Gov. Michelle Lujan Grisham and New Mexico’s early childhood agency say a legal effort to halt the state’s free childcare expansion to all families is “moot” after the Legislature put the program into law.

Lujan Grisham’s administration submitted a response Friday to a complaint filed in April by Republican gubernatorial candidate and cannabis entrepreneur Duke Rodriguez and other plaintiffs; the complaint seeks to invalidate the regulations underpinning free, universal childcare.

“Any possible controversy is already over,” the state’s response said. “The Legislature has resolved every single issue Petitioners raise. Senate Bill 241 — now in effect — expressly authorizes the very program components Petitioners attack.”

The petitioners, who include state Sen. Steve Lanier, R-Aztec, and Sandoval County father Zachary Anaya, argue Lujan Grisham’s executive branch essentially went about the childcare assistance expansion in the wrong way by creating the regulations in November, several months before the Legislature voted to approve funding for the program.

A state judge ruled in late April the governor’s administration must pause the childcare initiative or present an argument for why it should not be permanently halted.

A hearing on the matter — the next step in the case — is scheduled June 11.

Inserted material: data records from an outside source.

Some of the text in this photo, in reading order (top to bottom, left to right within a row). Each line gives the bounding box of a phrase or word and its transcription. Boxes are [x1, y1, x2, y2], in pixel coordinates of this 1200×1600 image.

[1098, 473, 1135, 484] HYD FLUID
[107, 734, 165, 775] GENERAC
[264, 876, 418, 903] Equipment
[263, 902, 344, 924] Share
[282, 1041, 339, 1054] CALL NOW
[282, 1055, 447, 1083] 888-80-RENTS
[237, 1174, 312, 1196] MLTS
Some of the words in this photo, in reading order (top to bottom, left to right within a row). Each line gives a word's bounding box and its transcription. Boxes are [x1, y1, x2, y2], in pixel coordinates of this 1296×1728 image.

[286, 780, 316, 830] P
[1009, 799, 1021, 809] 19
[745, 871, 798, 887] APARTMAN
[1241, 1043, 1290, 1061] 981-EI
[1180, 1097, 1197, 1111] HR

The legal challenge comes amid other growing pains for New Mexico’s free, universal childcare system, which expanded eligibility for state-subsidized care to all families regardless of income. Analysts from the Legislative Finance Committee found the Early Childhood Education and Care Department started overspending almost immediately after the expansion, a side effect of unforeseen enrollment increases.

Capacity issues persist, too. A recent investigation by The New Mexican found the state has made progress toward a truly universal system, adding more than 1,300 childcare slots between December and April. But data published in December by the Early Childhood Education and Care Department estimated the true need is more than 10 times that, with New Mexico short more than 15,000 childcare seats for children under 6.

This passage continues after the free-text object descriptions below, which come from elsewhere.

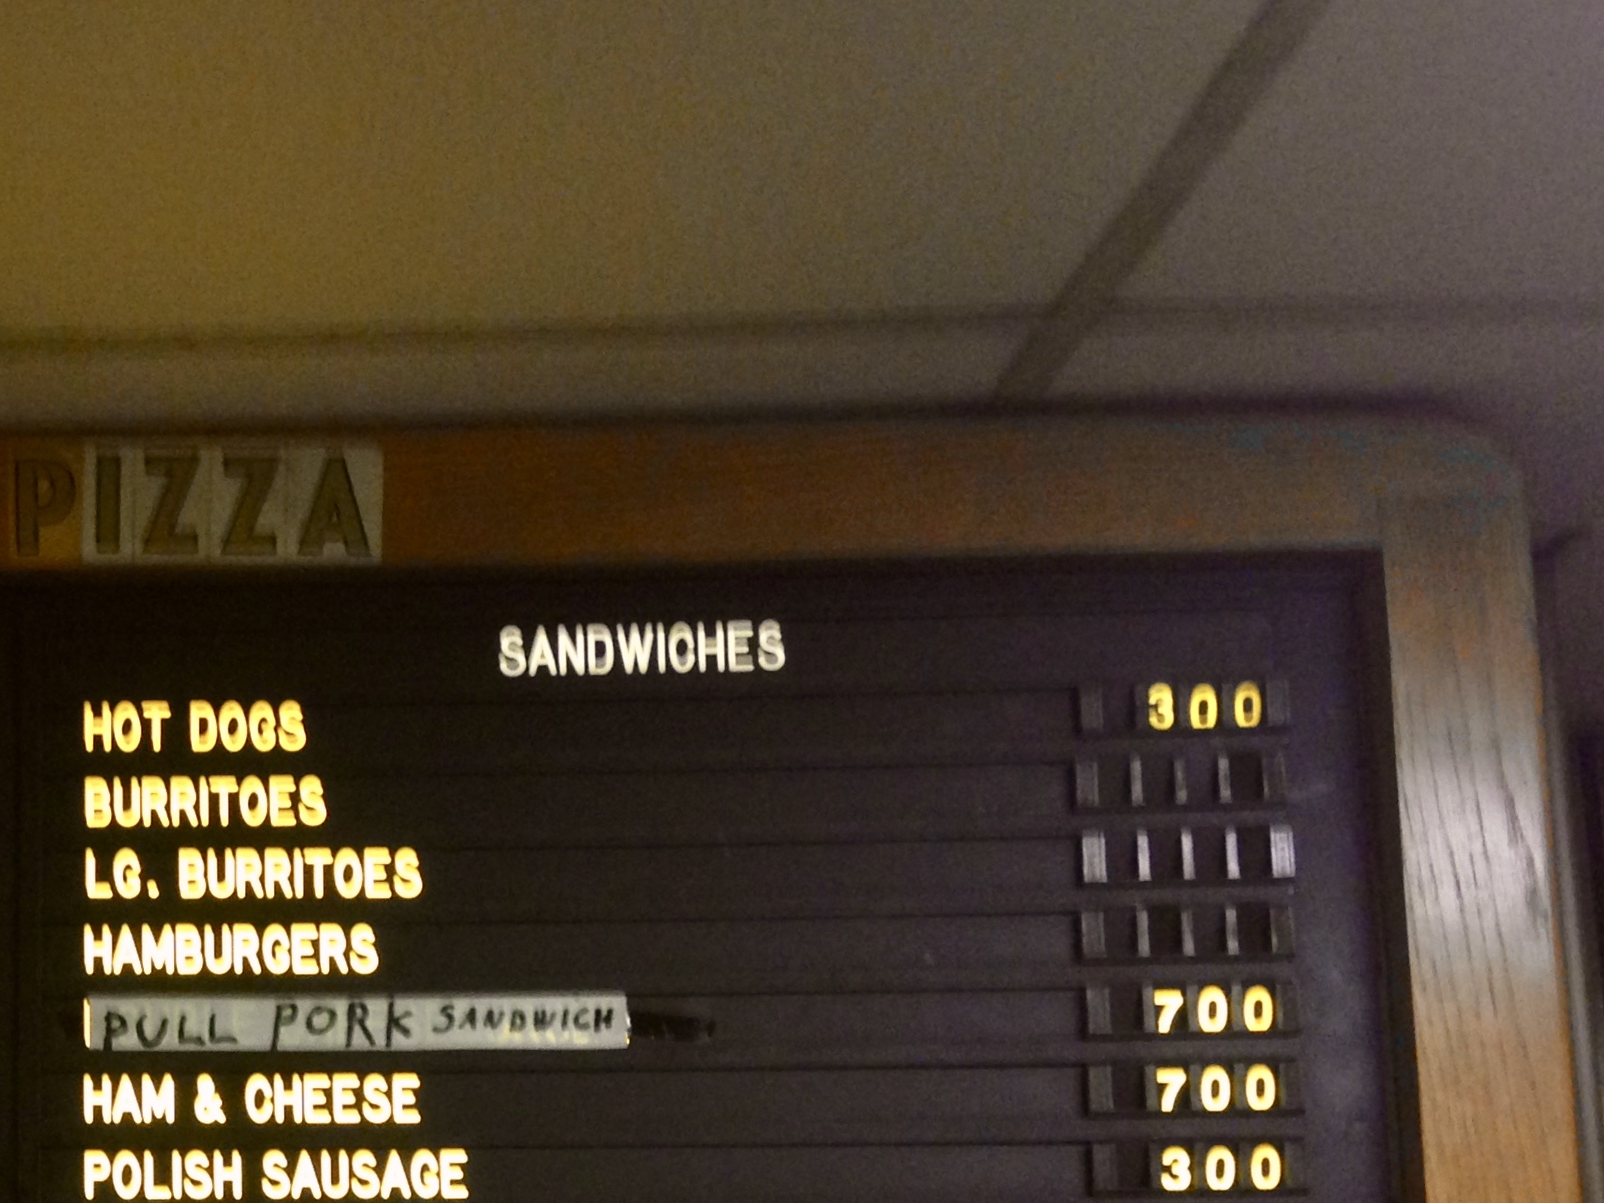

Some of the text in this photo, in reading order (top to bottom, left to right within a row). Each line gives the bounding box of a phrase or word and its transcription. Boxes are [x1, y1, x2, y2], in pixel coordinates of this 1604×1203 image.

[13, 452, 373, 558] PIZZA
[498, 619, 785, 677] SANDWICHES
[84, 680, 1262, 752] HOT DOGS 300
[84, 774, 327, 828] BURRITOES
[85, 847, 422, 899] LG. BURRITOES
[84, 922, 379, 975] HAMBURGERS
[102, 995, 615, 1052] PULL PORK SANDWICH
[1153, 985, 1273, 1034] 700
[83, 1064, 1276, 1125] HAM & CHEESE 700
[83, 1143, 1282, 1200] POLISH SAUSAGE 300

In their response to the lawsuit, however, state officials argued Senate Bill 241 — a bill passed earlier this year that updated eligibility requirements for the state’s childcare assistance program and will allow the state to draw up to $700 million over five years to cover expansion costs — cleared up any questions of statutory authority. The state’s response said the law instructed the early childhood department “to operate the Program exactly as it is now operating it.”

The state’s response also argued the Early Childhood Education and Care Department “acted squarely within its delegated authority” in administering the childcare assistance program and promulgating rules for it.

“What they present as a constitutional crisis is nothing more than a political disagreement,” the state’s response said.

However, Rodriguez argued legislation drafted after the fact doesn’t address the “biggest flaw” in the state’s path toward a universal childcare system: “What was the legal authority that existed before Senate Bill 241?”

“If you make a claim for mootness and say, ‘Well, the problem has been fixed,’ that doesn’t resolve the unlawful actions taken in the fall of 2025,” Rodriguez said.

Governor’s Office spokesperson Michael Coleman declined to comment further on the case Monday.

“We think the filing speaks for itself,” Coleman wrote in an email. “We are confident in the merits of our case.”